Entries provided -
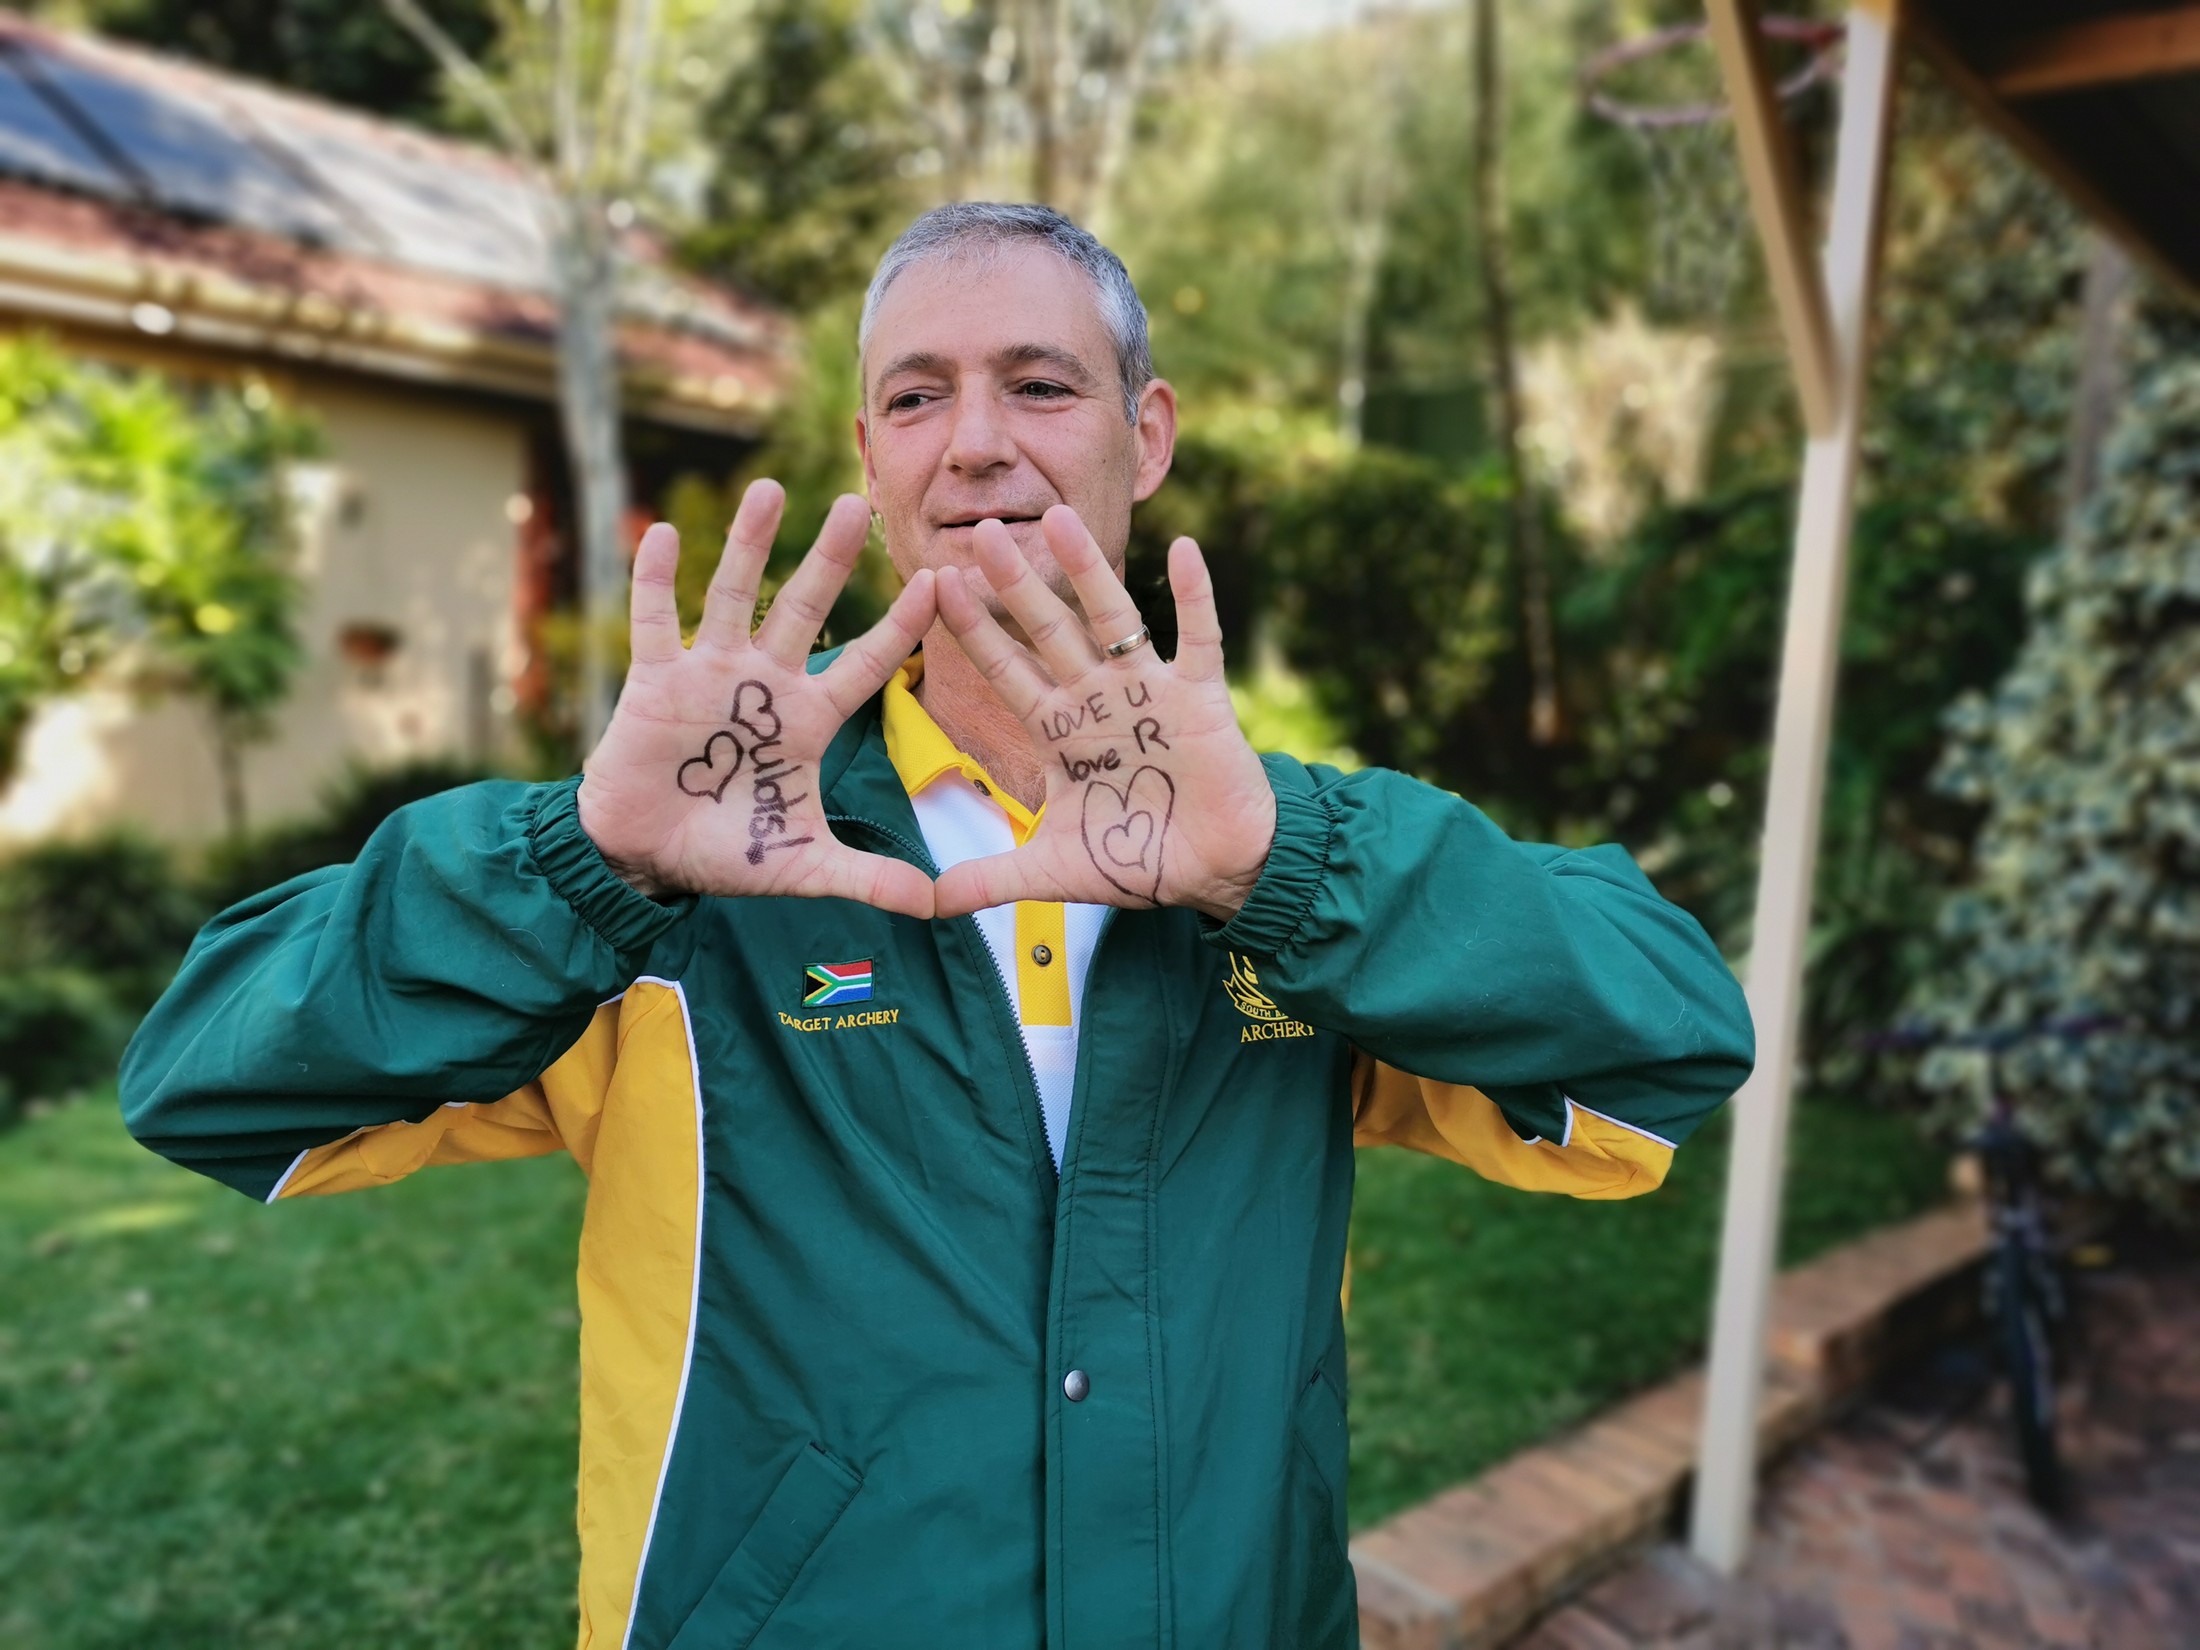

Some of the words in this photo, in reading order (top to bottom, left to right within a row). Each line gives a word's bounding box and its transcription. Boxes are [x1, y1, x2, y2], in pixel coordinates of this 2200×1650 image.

[1041, 691, 1112, 742] LOVE
[1058, 747, 1122, 783] love
[1132, 717, 1170, 754] R
[778, 1011, 832, 1032] TARGET
[835, 1008, 900, 1030] ARCHERY
[1240, 1001, 1272, 1018] SOUTH

Your objective - Would you reproduce the listing above in full and exactly, without its pictures?

Solution below -
Some of the words in this photo, in reading order (top to bottom, left to right within a row). Each line gives a word's bounding box and its transcription. Boxes are [x1, y1, x2, y2], in pixel coordinates of this 2200×1650 image.

[1041, 691, 1112, 742] LOVE
[1058, 747, 1122, 783] love
[1132, 717, 1170, 754] R
[778, 1011, 832, 1032] TARGET
[835, 1008, 900, 1030] ARCHERY
[1240, 1001, 1272, 1018] SOUTH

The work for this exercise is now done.